3月19日、マンガ界に新たな息吹をもたらすマンガ家を発掘する「第1回Kindleインディーズマンガ大賞」の受賞作品が発表されました。大賞には『ブス界へようこそ(著者:河野大樹)』が選ばれ、優秀賞には『異世界AV撮影隊(著者:がちょん次郎)』および『不良が好きな先生(著者:早坂啓吾)』が選ばれました。また今回、審査員全員が『サヨナラもっちゃん(著者:丸本チンタ)』に感銘を受けたことから、大賞に続く準大賞が設立され、同作品が選ばれました。
本コンテストは、Amazonが提供する電子書籍の自主出版サービスKindleダイレクト・パブリッシング(KDP)を通じて、誰でも無料でAmazon Kindleストアに作品を直接公開できる「Kindleインディーズマンガ」の一環として開催されたものです。
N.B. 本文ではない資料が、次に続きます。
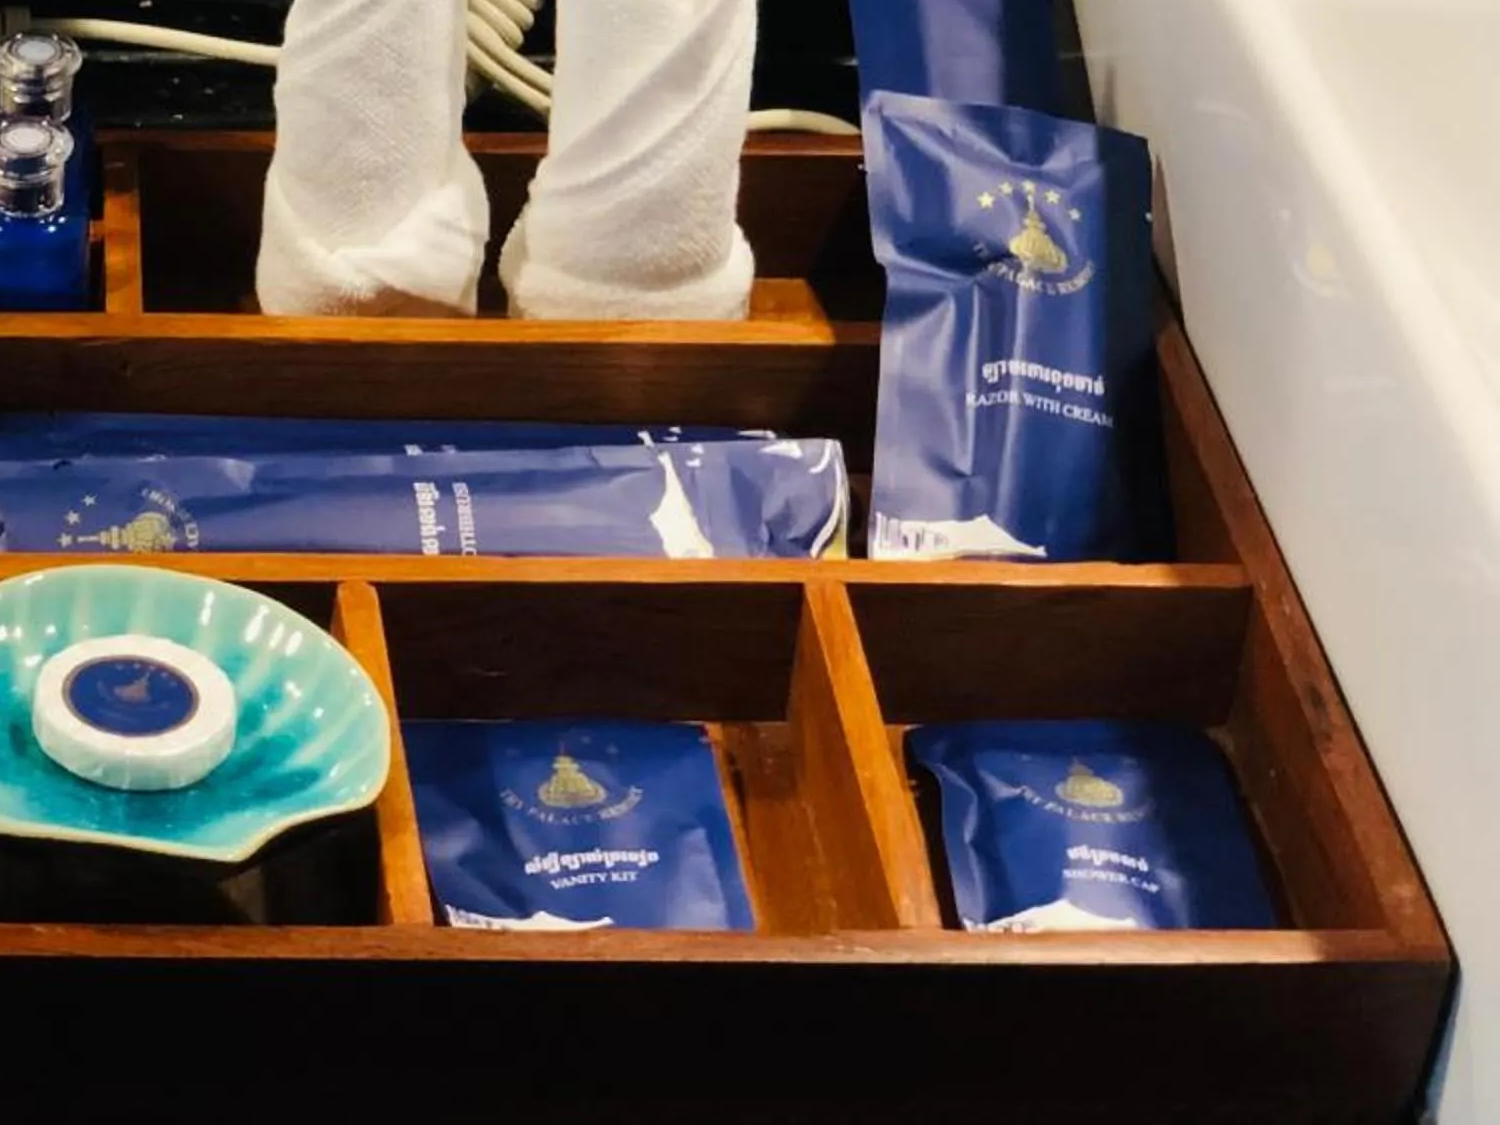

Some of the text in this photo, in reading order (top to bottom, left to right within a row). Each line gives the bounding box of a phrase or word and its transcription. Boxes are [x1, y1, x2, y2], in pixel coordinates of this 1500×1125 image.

[966, 389, 1020, 407] RAZOR
[1022, 391, 1061, 416] WITH
[550, 870, 639, 890] VANITY KIT
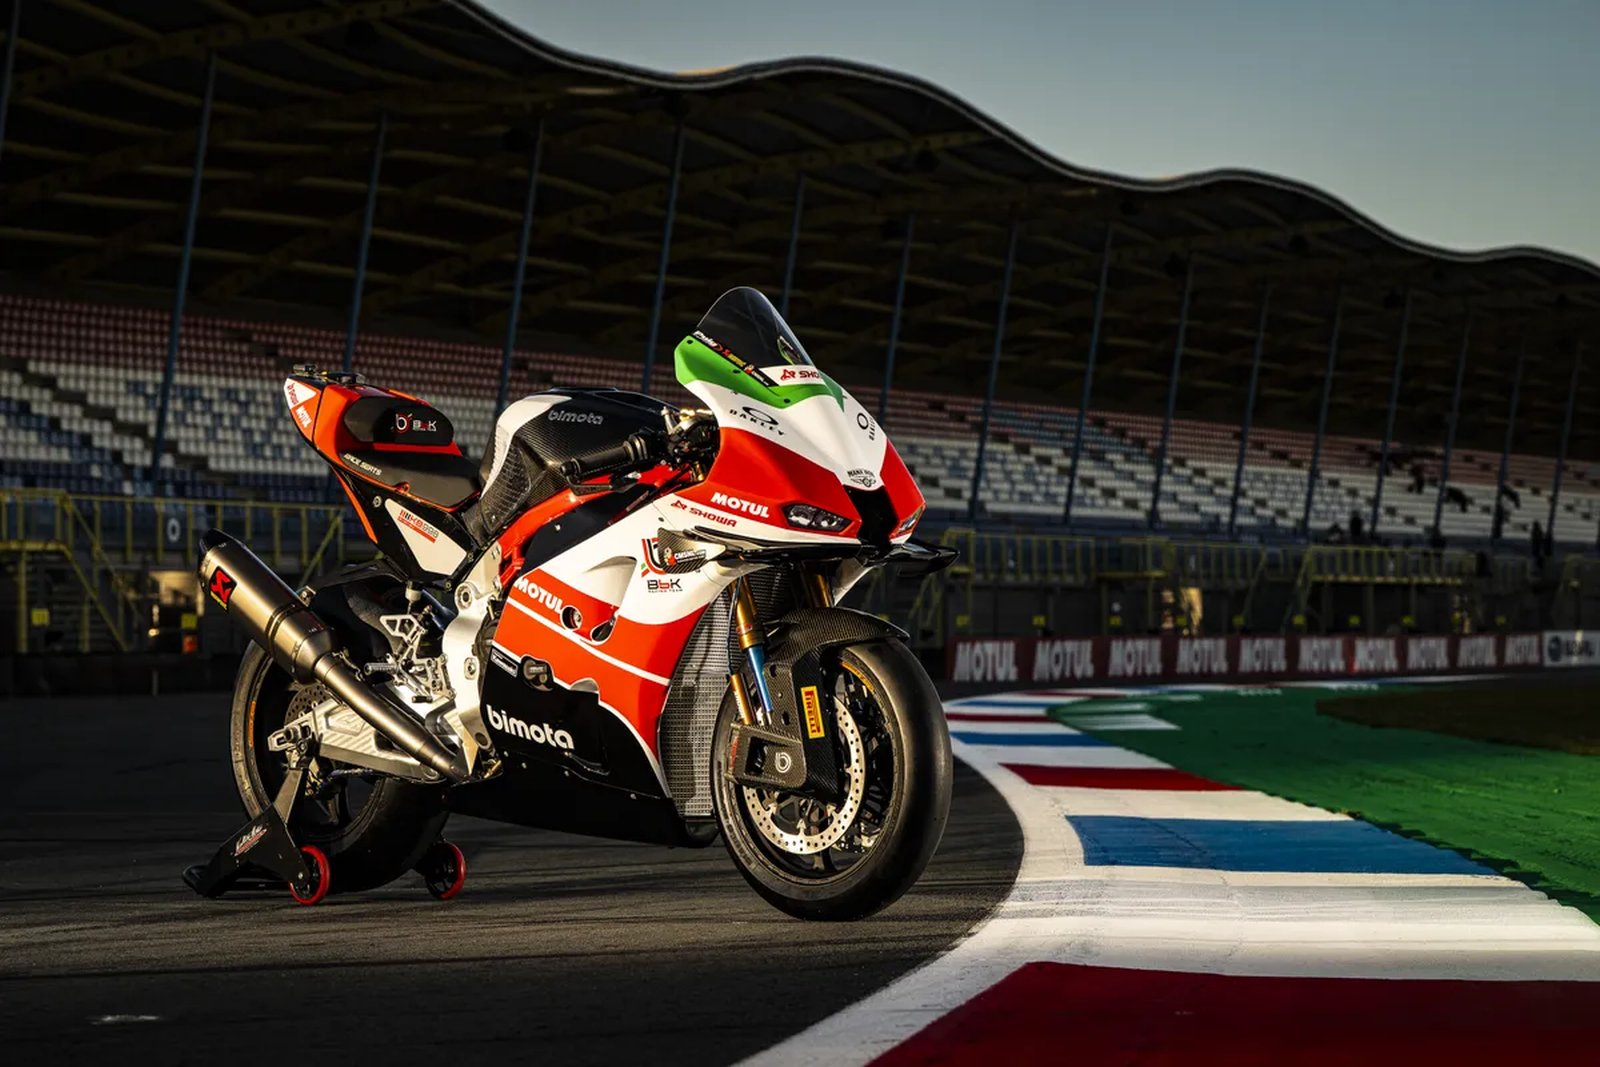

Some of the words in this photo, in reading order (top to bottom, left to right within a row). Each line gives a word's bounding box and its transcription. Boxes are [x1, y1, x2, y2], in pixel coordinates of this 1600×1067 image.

Amazon上で作品を無料で公開することによって、インディーズ作家の皆さんには、よりたくさんの人たちに作品を読んでいただけるチャンスができます。そして読者の方にとっても、これまで読んだことのない多様な作品と出会う機会が広がります。またインディーズ作家の皆さんは、作品の人気が高まると、「インディーズ無料マンガ基金」*から、より多くの分配金を得られるチャンスも生まれます。
*インディーズ無料マンガ基金に登録すると収入を得ることができます。ファンを増やして作品の人気度が高くなると、より多くの分配金を得られるチャンスが生まれます。この基金からの分配金は、インディーズマンガの著者に対して毎月支払われます。
発表に合わせて、受賞者および審査員の皆様から、受賞に際していただいたコメントをご紹介します。
「マンガを描く楽しさを思い出せた」
大賞『ブス界へようこそ』著者 河野大樹さん
「商業誌でのデビューや連載を目指す過程で、マンガ描く楽しさが分からなくなってしまったことがあり、その時に最初の気持ちを思い出したくて、自身の処女作であった本作のネームを連載原稿にし始めました」
また、Kindleインディーズマンガに対する思いとして、「マンガは収益をあげるまでにとても時間がかかるので、より多くのマンガ家さんがマンガに時間を費やせるようになるインディーズ無料マンガ基金の分配金の仕組みは素晴らしいと思います。僕もこの分配金のおかげで、マンガを描く時間を増やすことができました」と話します。
「たくさんのマンガがある中、Kindleインディーズマンガで『ブス界へようこそ』を読んでくださったすべての方にお礼を申し上げます」
「6年間の集大成を見てもらおうと無料公開を決意」
準大賞『サヨナラもっちゃん』著者 丸本チンタさん
「僕のエッセイマンガは娘のことを中心に描いています。6年ほどエッセイマンガを描いてきた中で、過去2冊の書籍は出版社を通して出版させていただいたのですが、今回の応募作『サヨナラ もっちゃん』が最終巻の位置づけになるので、少しでも多くの人に見ていただこうと無料公開することに決め、Kindleインディーズマンガで発表するために制作しました。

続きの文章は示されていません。